Ночной образ отца был — пишущего, вырезающего и слушающего. Вырезающего — преимущественно; под шорох газетных листов Антон засыпал, под сочный звук стригущих ножниц просыпался на горшок. Газетные вырезки помогала делать мама, деда приспособить к этому делу не удалось, он заявил, что его тошнит от одних заголовков. Вырезки раскладывались по папкам: «Американские военные базы» (во время лекции вешалась карта полушарий, черными точками этих баз засиженных), «Братские компартии», «План Маршалла», «Руководящие документы». Последняя папка была самой тощей, но самой важной: с перечисления того, что в ней лежало, рекомендовалось начинать лекцию: «На сегодняшний день мы имеем главный руководящий документ: ответы товарища Сталина корреспонденту французской газеты „Юманите“ и два дополнительных: речь главы советской делегации товарища Вышинского на шестой сессии Генеральной Ассамблеи ООН и доклад председателя Президиума Верховного Совета СССР товарища Шверника на сессии Верховного Совета четвертого созыва».
Слушал отец радиостанции «Свободная Европа» и «Голос Америки», которые для простоты называл «Мировое господство». На самый высокий тополь в палисаднике была водружена десятиметровая жердь-антенна. Из Москвы — привезен приемник с круглой шкалой производства рижского завода ВЭФ, поступившего из Германии по репарациям. «Выхх! — говорил отец. — Качество. Одно слово — „Телефункен“!»
— Известная компания, — подтверждал дед. — Еще Гинденбург…
Но качество аппаратов любимой компании Гинденбурга помогало мало: «Мировое господство» беспощадно глушили. Правда, почему-то начинали не сразу (Егорычев даже построил теорию: сами любят послушать), и до того, как запускали жернова, удавалось услышать часть новостей. Утром приходил Гройдо, тоже имевший приемник; слушатели обменивались расслышанным сквозь рев и скрежет и его обсуждали. Отец особенно был недоволен отказом СССР получать помощь по плану Маршалла.
— Страна в развалинах!
— Идея изоляционизма, — говорил Гройдо. — То, в чем наш вождь всегда расходился и со своими противниками, и со сторонниками.
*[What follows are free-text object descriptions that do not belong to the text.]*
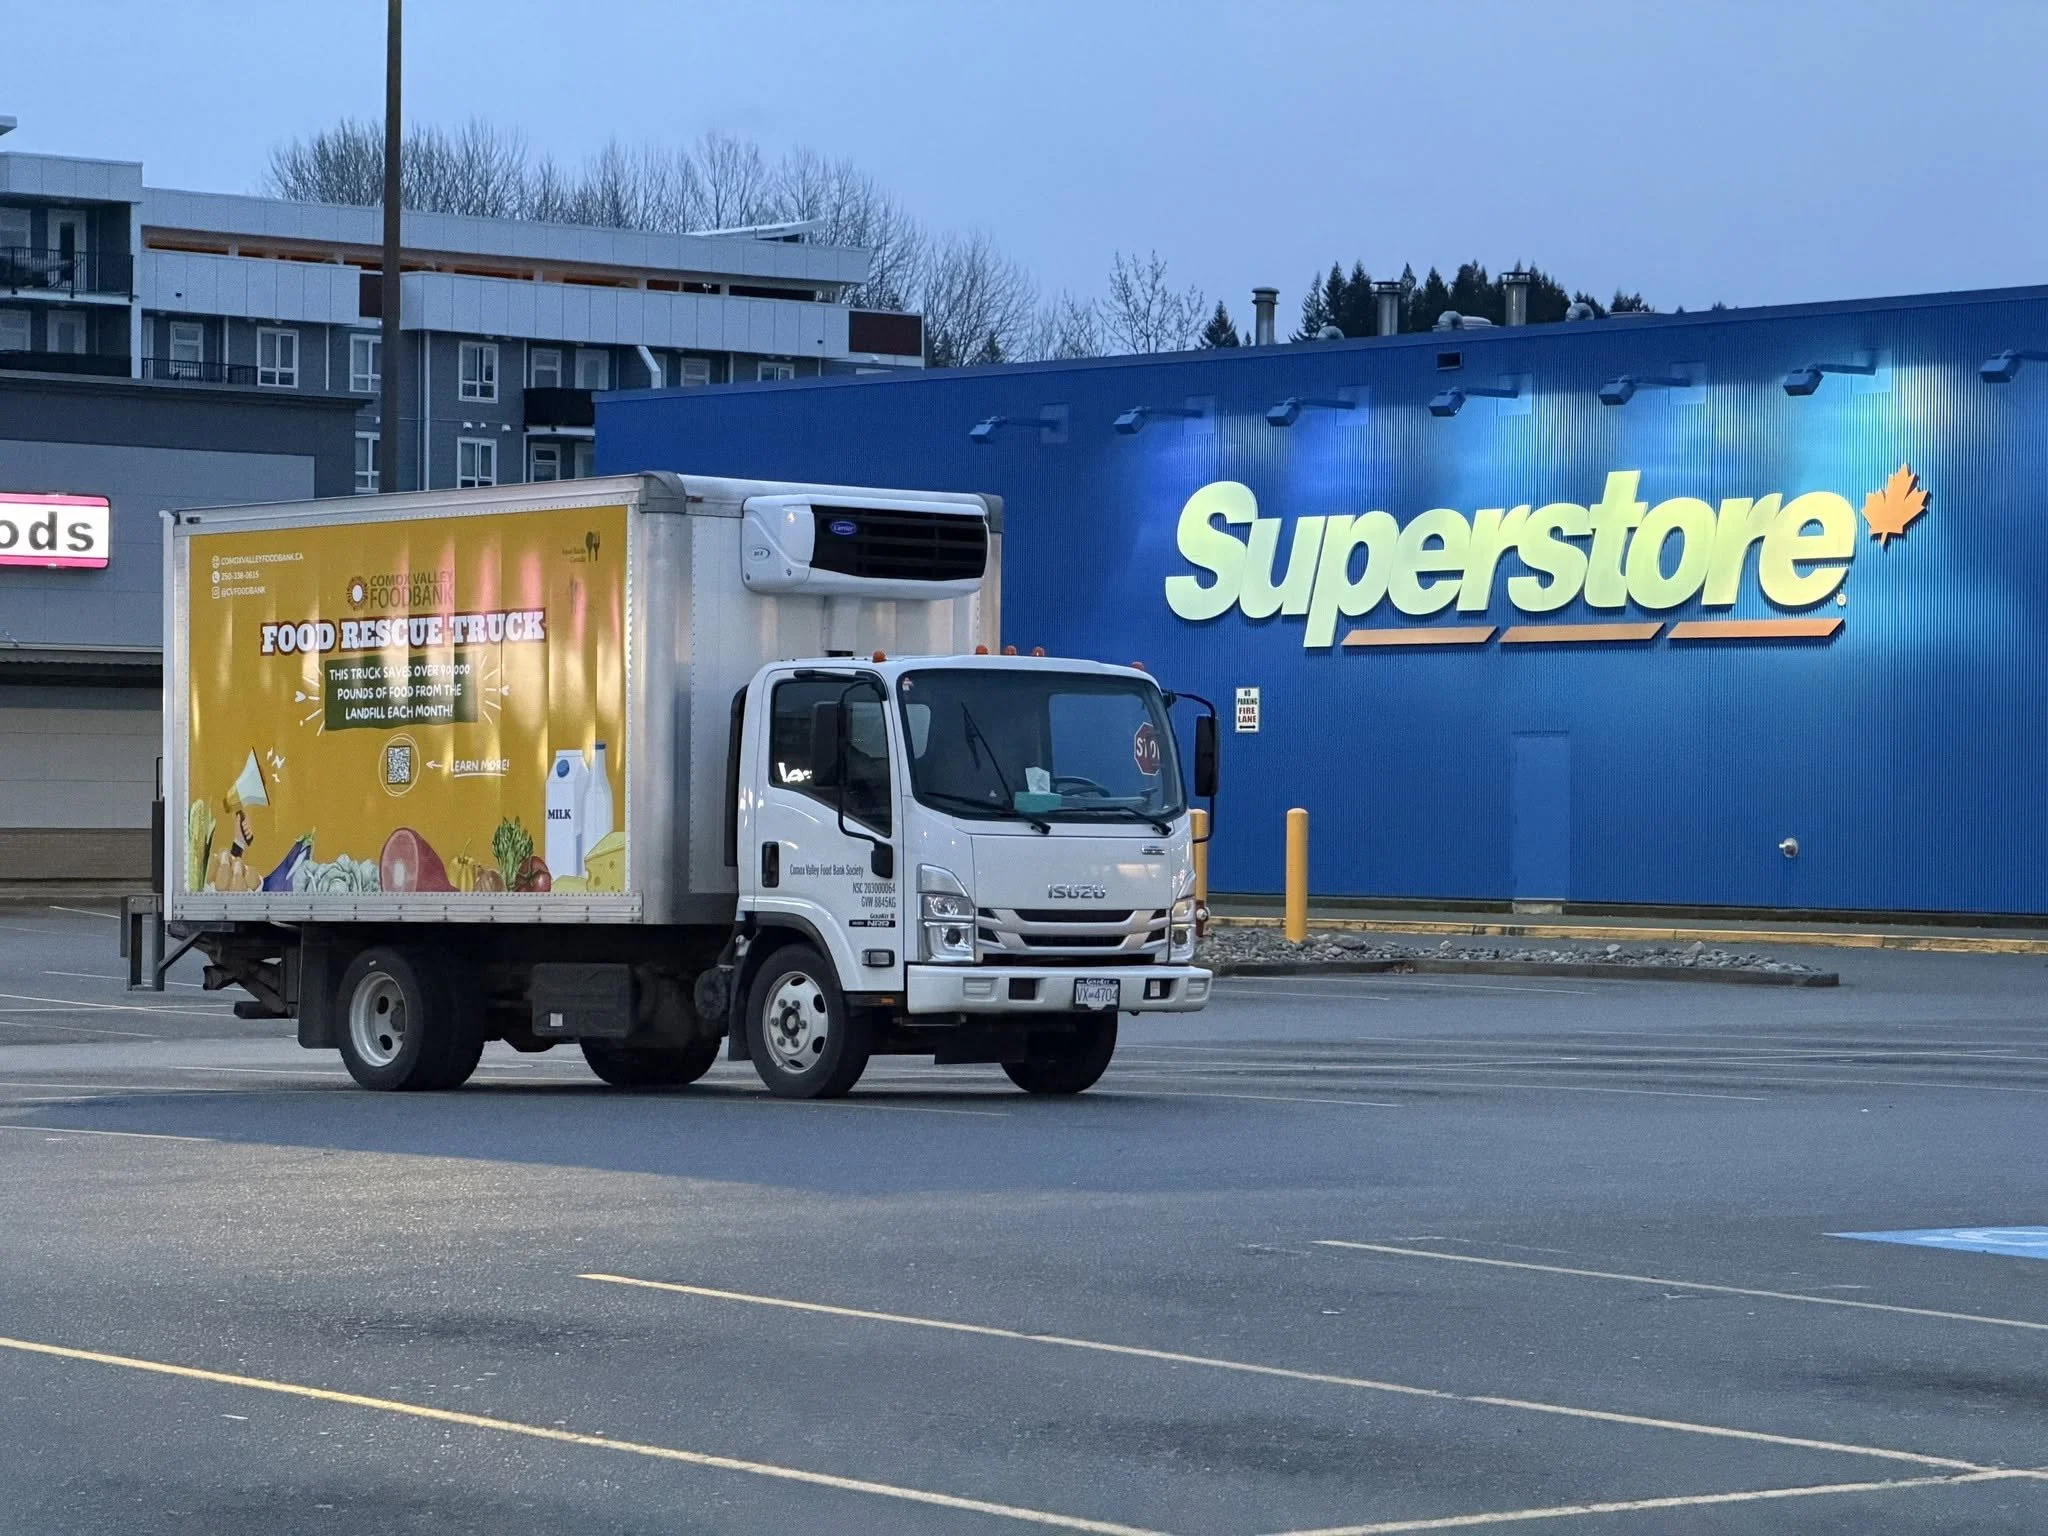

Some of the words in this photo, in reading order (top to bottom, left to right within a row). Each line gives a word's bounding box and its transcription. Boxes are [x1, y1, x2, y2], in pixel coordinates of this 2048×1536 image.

[1165, 470, 1857, 647] Superstore
[370, 574, 410, 587] COMOX
[413, 571, 453, 585] VALLEY
[370, 585, 453, 609] FOODBANK
[262, 623, 335, 653] FOOD
[341, 617, 443, 649] RESCUE
[451, 611, 545, 644] TRUCK
[329, 668, 348, 680] THIS
[351, 666, 381, 680] TRUCK
[383, 665, 411, 679] SAVES
[414, 665, 438, 677] OVER
[338, 688, 374, 700] POUNDS
[376, 687, 387, 699] OF
[389, 686, 413, 698] FOOD
[415, 684, 442, 697] FROM
[445, 684, 462, 696] THE
[1244, 689, 1251, 697] NO
[345, 706, 385, 720] LANDFILL
[388, 705, 414, 718] EACH
[415, 704, 453, 718] MONTH!
[1239, 707, 1256, 715] FIRE
[1238, 715, 1256, 723] LANE
[451, 759, 479, 772] LEARN
[481, 759, 510, 772] MORE!
[547, 809, 572, 820] MILK
[790, 864, 805, 875] Comox
[806, 864, 819, 878] Valley
[820, 864, 832, 875] Food
[833, 864, 845, 875] Bank
[846, 864, 864, 879] Society
[853, 883, 863, 894] NSC
[1047, 884, 1106, 899] ISUZU
[861, 897, 873, 908] GVW
Антон, на своем подоконнике решая задачи по алгебре, записывал на промокашке шифром: «изоляционизм». Там уже находились, записанные другим секретным шифром, еще «инфляция» и «демпинг», значение которых, чтоб никого не волновать, следовало не спрашивать, а найти в словаре иностранных слов.
Читая в санаториях, отец иногда захватывал Антона, чтобы ребенок прокатился по морозцу и погулял в сосновом целебном лесу. Замерзнув, Антон заходил в столовую, где шла лекция. О плане Маршалла тут отец говорил совсем другое: Европа, принимая его, подпадает под пяту американского империализма, а СССР — нет. Антон не удивлялся, знал: так надо, как знала четырехлетняя дочка Кемпелей, что с мамой и папой надо говорить на одном языке, а с соседями на другом, ихнем. Удивляло Антона — много позже — иное.